Riverdale Recaps: When a Stranger Calls

by thethreepennyguignol

Hey, now this is more like it!

After last week’s Veronica-heavy, slightly dismal outing, Riverdale is storming back with a brilliant, spooky, slippery episode that might as well have been made for me. On to the review!

Alright, so first and foremost, When A Stranger Calls features one of the best performances this show has yet drawn from Lili Reinhart as Betty; she’s head and shoulders above the rest of the teen cast but here, as she is forced to push away everyone in her life and isolate herself on the orders of an apparent serial killer on the other end of the line, she’s bloody excellent. With Riverdale dealing so much in high camp sometimes I can forget that there is a lot of pretty shifty acting going on (Cole Sprouse and Camila Mendes being the worst culprits) but this was just some solid, devastating work from Reinhart and I can’t wait to see what she’ll use her fame from Riverdale to springboard off into, career-wise.


I don’t want to be a dick, but Cole Sprouse does look kind of ridiculous in this outfit. 

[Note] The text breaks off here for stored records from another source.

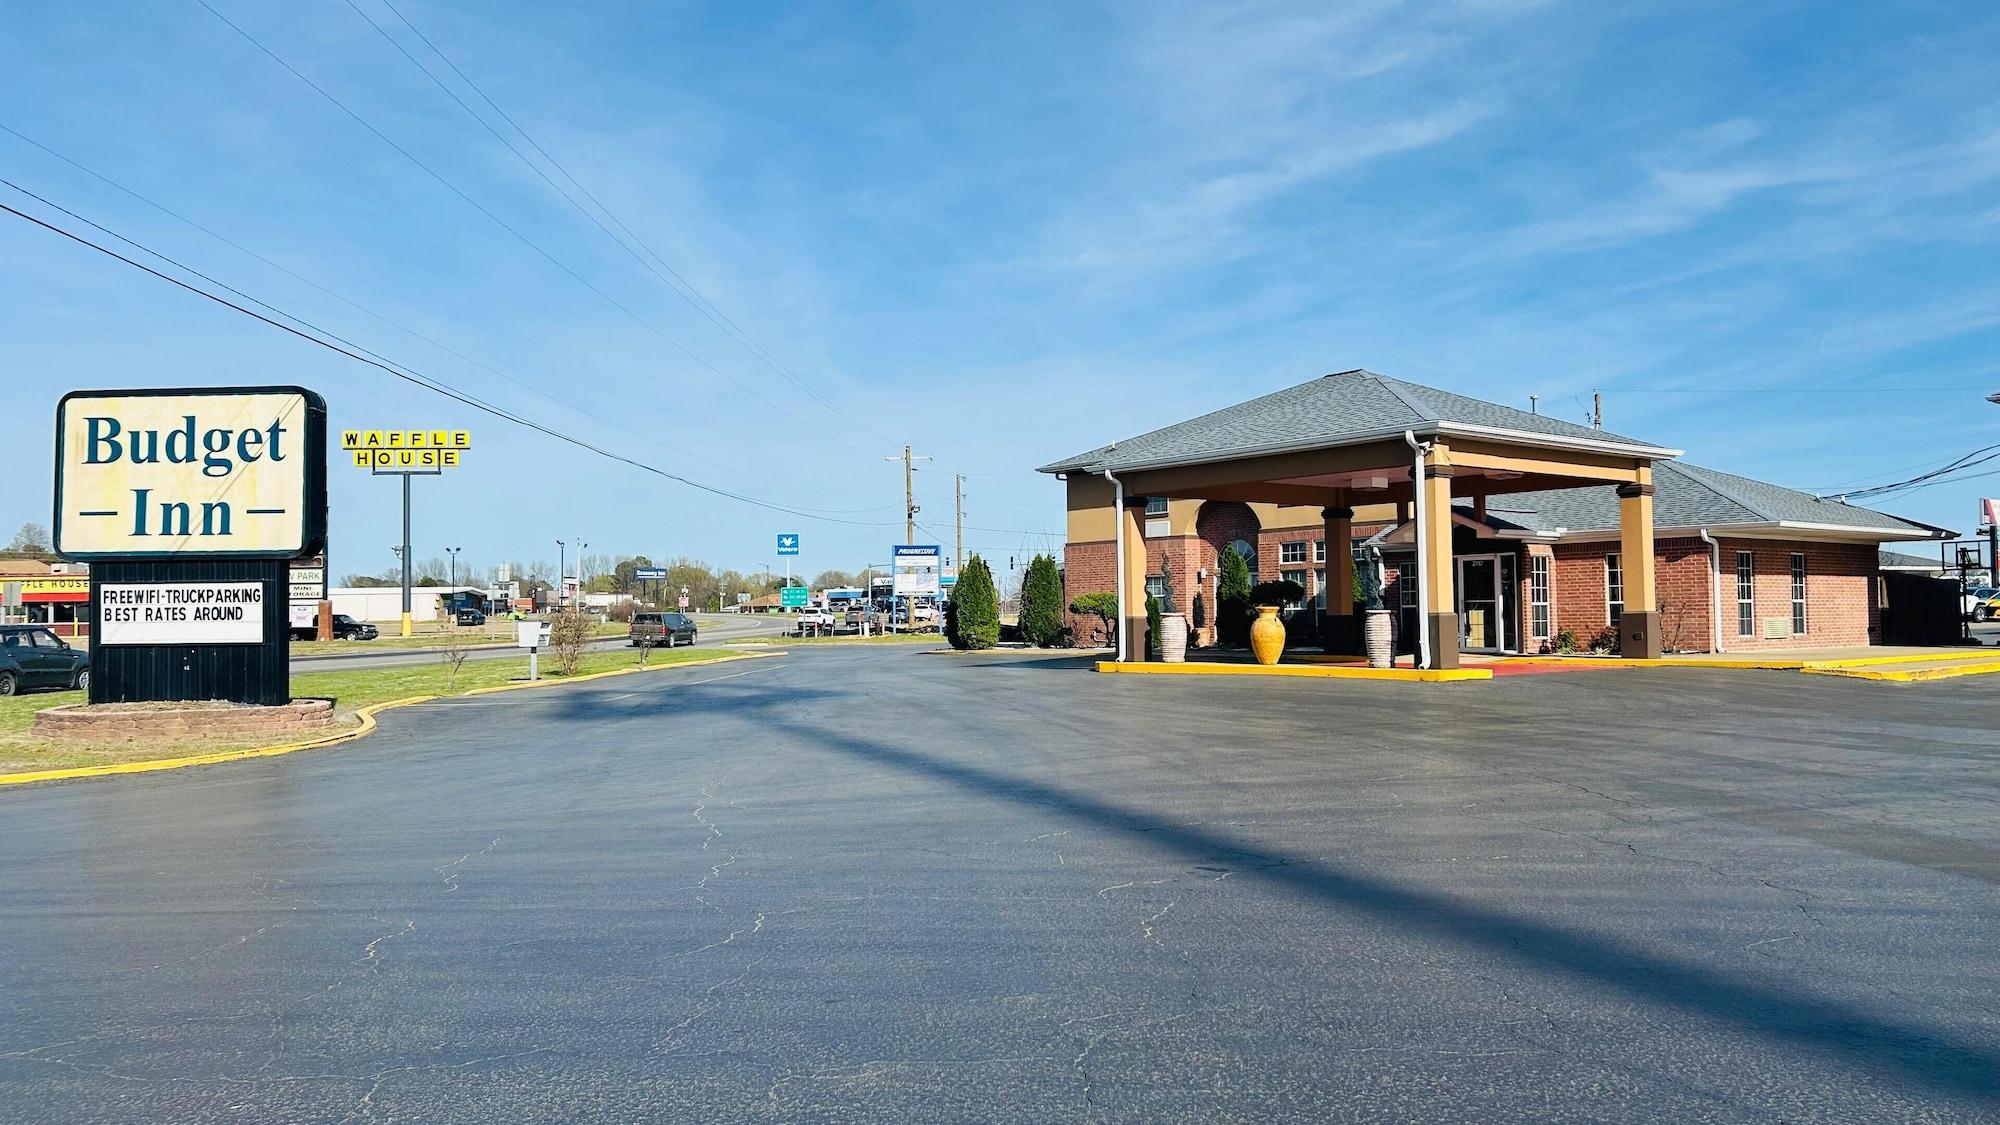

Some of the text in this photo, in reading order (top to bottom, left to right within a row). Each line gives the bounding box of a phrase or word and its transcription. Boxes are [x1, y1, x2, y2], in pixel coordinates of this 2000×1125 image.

[81, 415, 287, 477] Budget
[345, 433, 465, 445] WAFFLE
[357, 453, 455, 464] HOUSE
[128, 489, 233, 536] Inn
[297, 572, 320, 580] PARK
[52, 579, 89, 588] HOUSE
[103, 588, 261, 604] FREEWIFI-TRUCKPARKING
[104, 606, 243, 622] BEST RATES AROUND

It’s her story, too, that allows the show to explore the notion of true within lies, which is perhaps one of the more interesting episode themes they’ve pounced on since the start of their run – Betty is made to drive away those around her, and starts with Veronica. Now, there were any number of ways Betty could have chosen to drive a wedge between her and her apparent best friend, but she goes right for the jugular, accusing Veronica of being a vapid, narcissistic party girl who treats Riverdale and it’s inhabitants as a convenience rather than as real friends; we might know that Betty’s motivations for this savage monologue aren’t entirely malicious, but it’s obvious that she believes a lot of what she’s saying.

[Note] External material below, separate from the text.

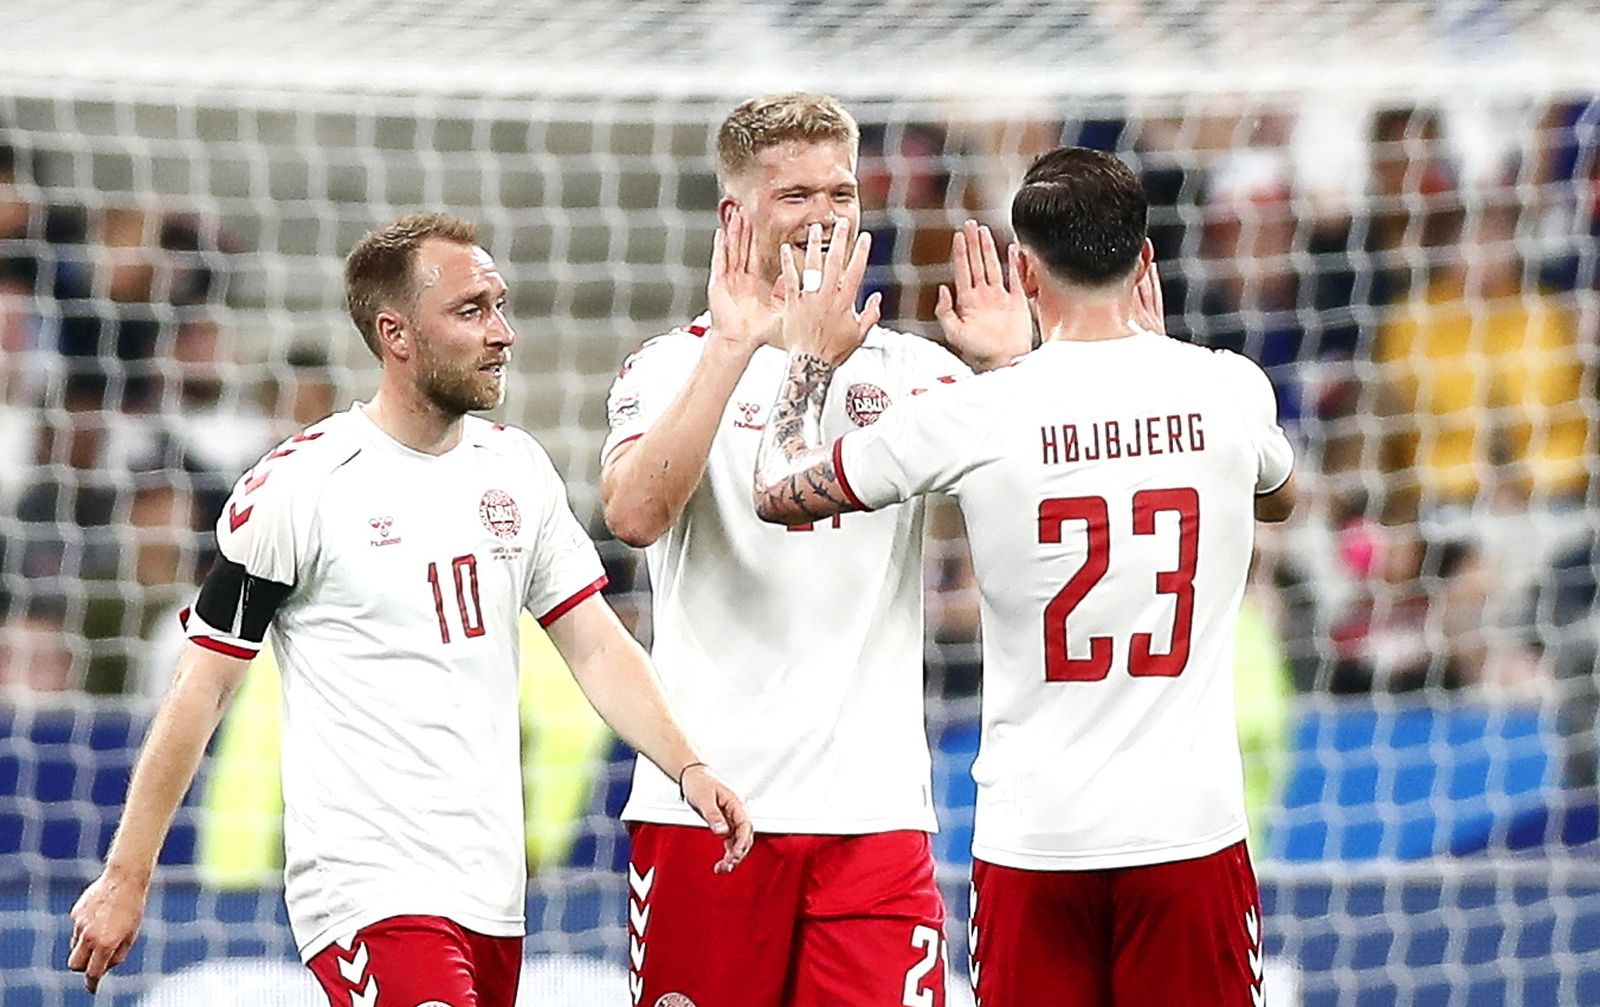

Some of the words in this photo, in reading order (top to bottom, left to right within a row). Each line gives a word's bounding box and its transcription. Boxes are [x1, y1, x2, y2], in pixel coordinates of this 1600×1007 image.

[853, 397, 884, 413] DBU
[1040, 412, 1205, 464] HØJBJERG
[427, 553, 486, 645] 10
[1038, 487, 1200, 682] 23

Cheryl’s liquid lipstick game cured my acne

Later, Betty gets Archie to break up with Jughead for her – she specifies that he shouldn’t be cruel and should leave room for them to get back together, but instead Archie tears the shit out of him, pointing out the social gaps between him and Betty and implying they should never have gotten together in the first place, reflecting a deep-seated cynicism Archie clearly holds over their relationship. For a show that’s normally this broad, using these sequences to explore the unspoken resentments that always bubble between teens in a small town like Riverdale is a surprisingly incisive, and lends some edge to plots that were getting a little too soft. It’s good, well-written TV, and it gives KJ Apa maybe his best bit of acting of the show to date. Which isn’t saying a lot considering Skeet Ulrich acted him of the screen last season, but you know.


It goes without saying that this was another just beautifully directed episode.

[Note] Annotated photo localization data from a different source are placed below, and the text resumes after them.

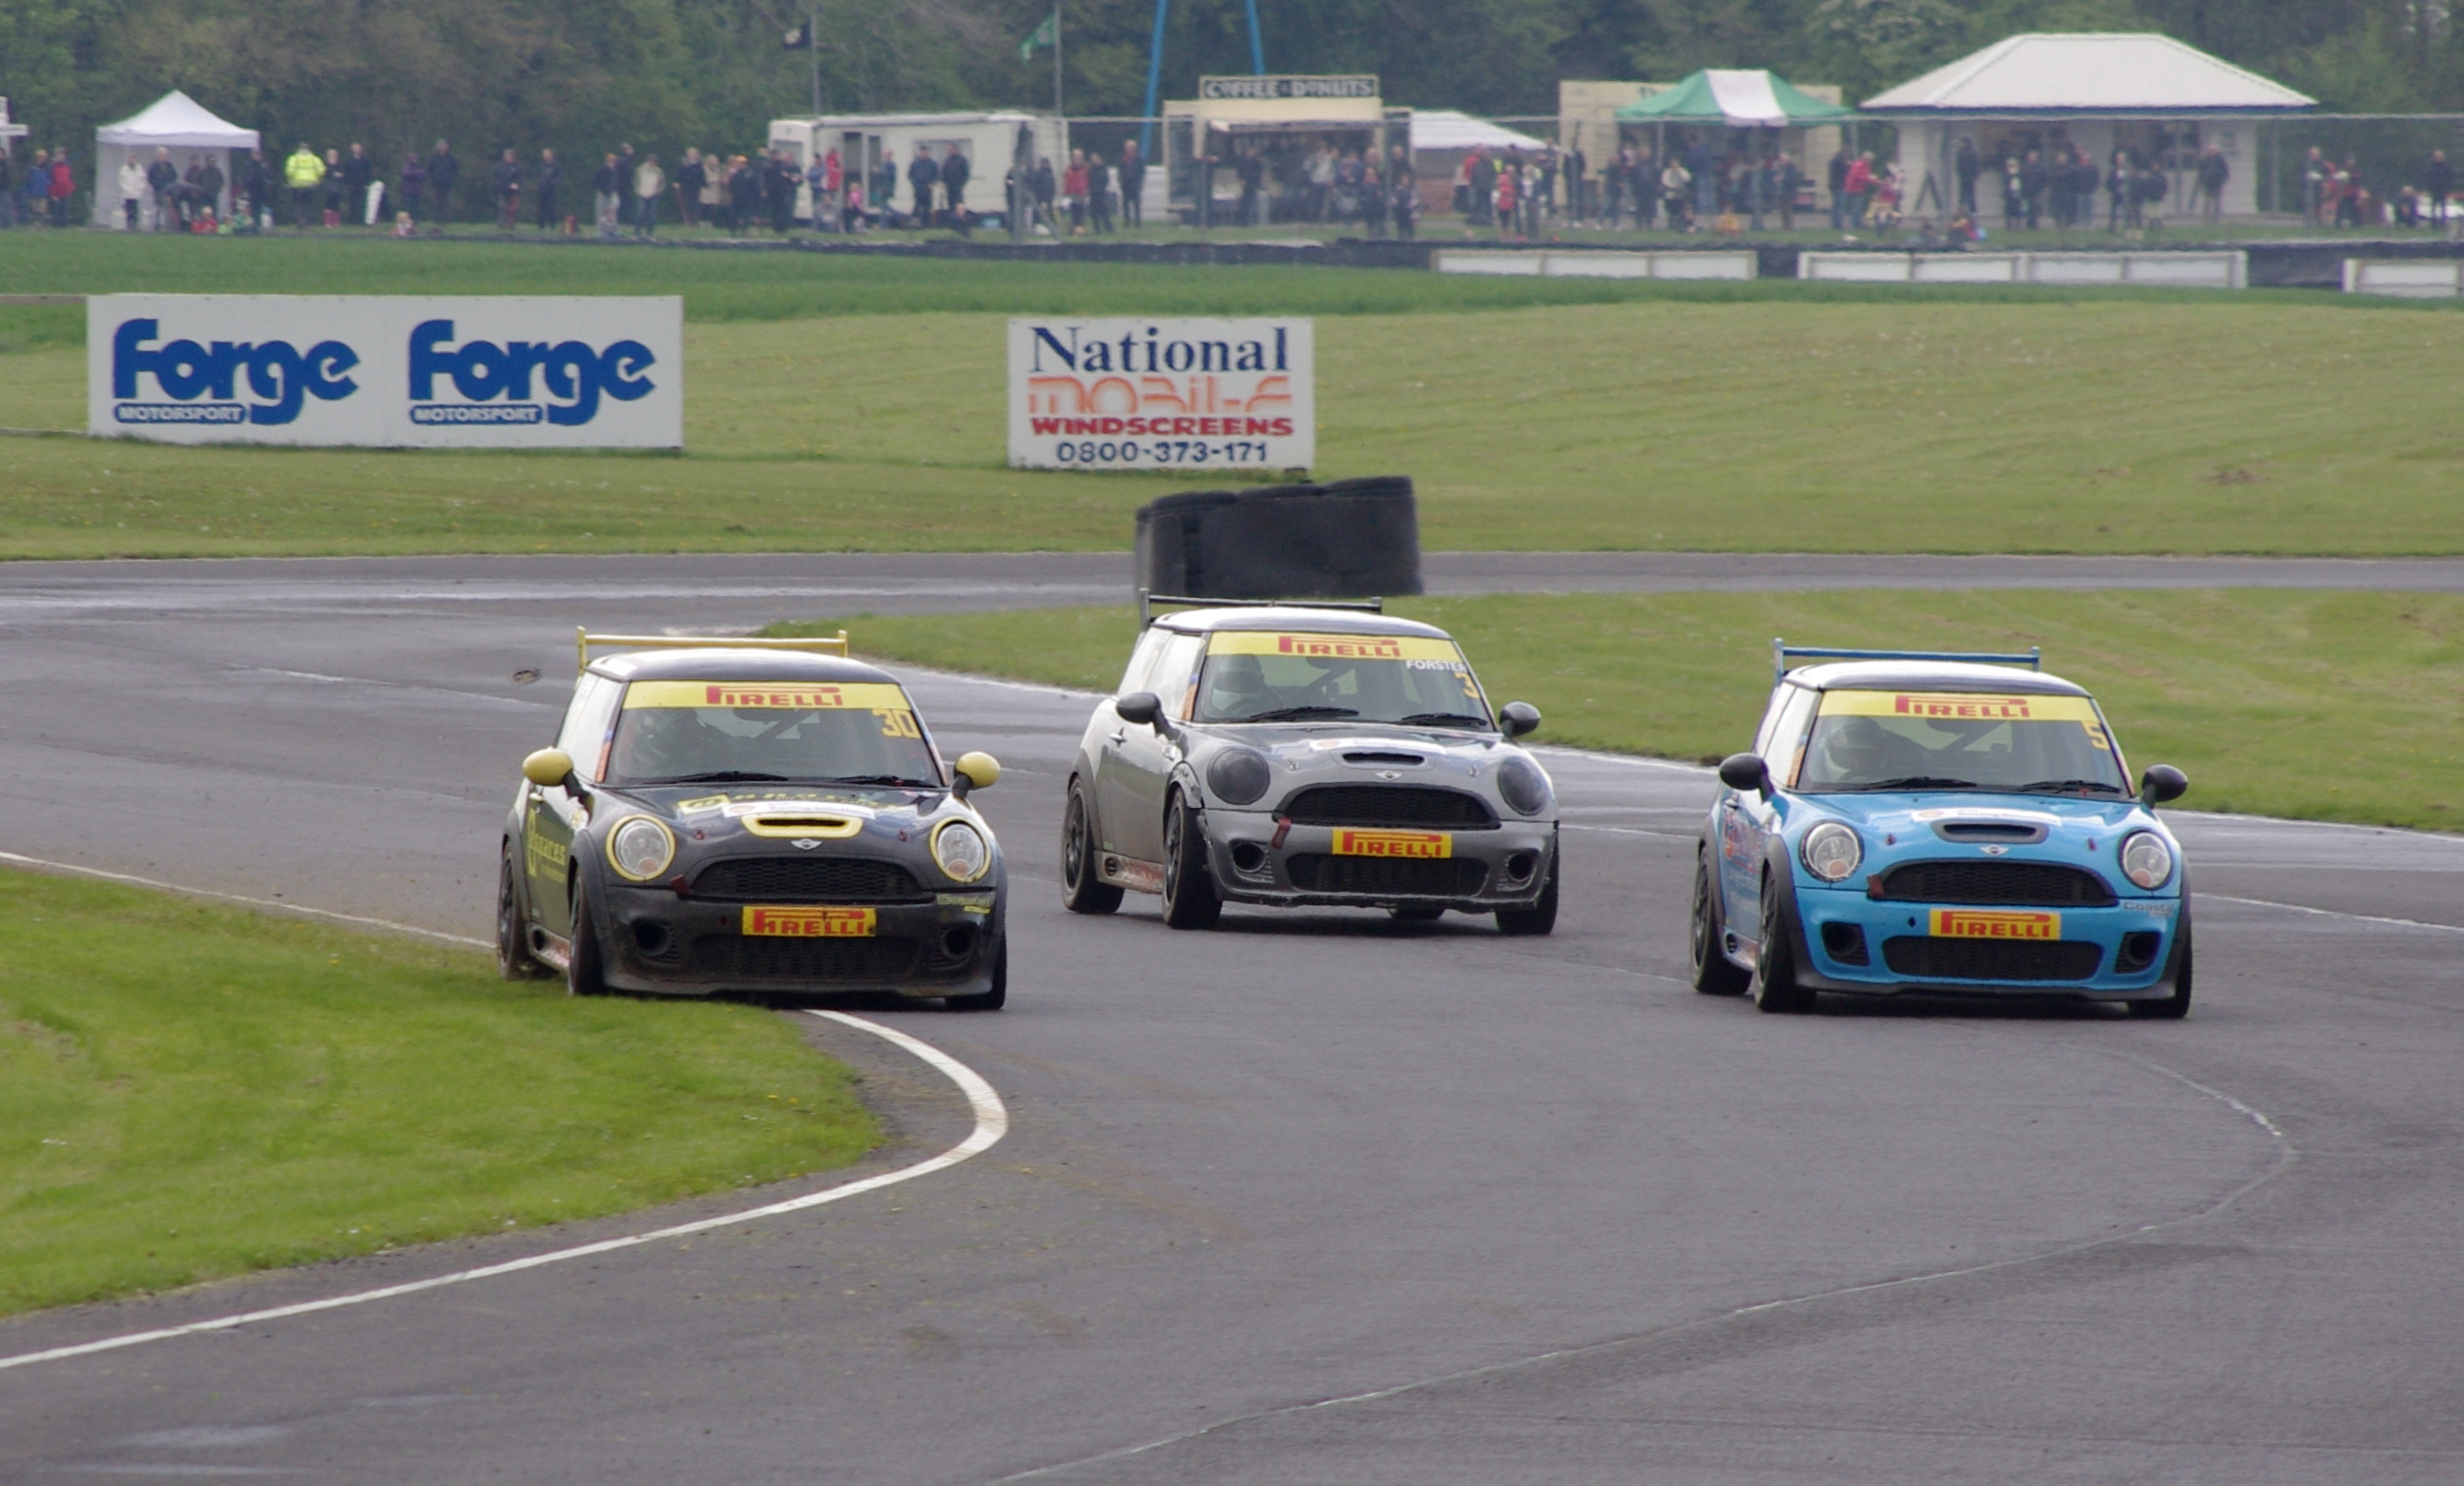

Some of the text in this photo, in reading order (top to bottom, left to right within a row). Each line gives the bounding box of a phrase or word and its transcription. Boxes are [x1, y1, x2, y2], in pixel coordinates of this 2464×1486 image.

[1206, 79, 1373, 97] COFFEE DONUTS
[1028, 326, 1291, 373] National
[117, 404, 243, 423] MOTORSPORT
[414, 405, 540, 423] MOTORSPORT
[1029, 417, 1294, 436] WINDSCREENS
[1056, 442, 1269, 463] 0800-373-171
[1278, 636, 1401, 657] PIRELLI
[706, 686, 843, 706] PIRELLI
[1453, 672, 1480, 699] 3
[1895, 695, 2031, 718] PIRELLI
[872, 709, 921, 738] 30
[2081, 721, 2111, 751] 5
[1342, 832, 1442, 857] PIRELLI
[753, 909, 865, 934] PIRELLI
[1940, 911, 2051, 938] PIRELLI

This episode also takes on a rape plotline, which feels prescient given all that’s going on in the world right now: I have to admit, I was filled with dread when I realized that’s what they were doing because I just wasn’t sure Riverdale could carry a plot with this much real-world weight, but they managed to hold it together. Cheryl is drugged by an old friend of Veronica’s, who proceeds to whisk her away to a bedroom with the intention of raping her; luckily, before he can get down to it, Veronica and the rest of the Pussycats (who are, yes, still part of this show, despite what the last few episodes might imply) appear to pull him off and kick the bollocks off of him which I have to admit is wildly satisfying. Riverdale is unrealistic, sure, but at least this episode it was unrealistic in the “a probable serial rapist finally gets his violent comeuppance” kind of way.



I’m kind of annoyed they’re dropping another ton of trauma on Cheryl’s head when they’ve done so little to explore the effects of last season’s horrors on her, but I get that balancing her “super fun messy bitch” persona with “young woman recovers from various violent traumas” is probably a tough act for a show like Riverdale, so I’ll let it slide for now. The rape storyline feels timely and yes, it might be cheesy, but I find something comforting deep in my soul to see a group of women supporting one of their midst who has been assaulted, especially when one of those women puts the would-be rapist up as a candidate for violent murder. Call me a softy.


Elsewhere, Jughead has finally decided to join the Serpents in a plot that is struggling to keep itself upright; even Cole Sprouse getting the crap knocked out of him to the strains of Out Tonight from Rent (yes, I know Rent is extremely problematic, but damn if I don’t still know all the words to all the songs and love each and every one like it’s my child) can’t save it, and Jughead and Topaz getting together mere hours after he was second-hand chucked by Betty feels thin. Maybe this plot just needs more Skeet Ulrich. Now there’s a sentence I never thought I’d type in anything but jest.

There’s plenty more Peak Riverdale in this episode; Madchen Amick sweeping into an event she wasn’t invited to in a ridiculous becaped mini-jumpsuit, the killer drawing direct paralells between themselves and Betty, lots of straight-faced references to jingle-jangles. Like all great Riverdale outings, When a Stranger Calls was overstuffed, brimming with so much good that you just don’t have time to notice the faultier subplots. The best Riverdale can do is to overwhelm you with the good and hope you forget about the bad – and right now, I’m more than happy to sit back and let them take the lead.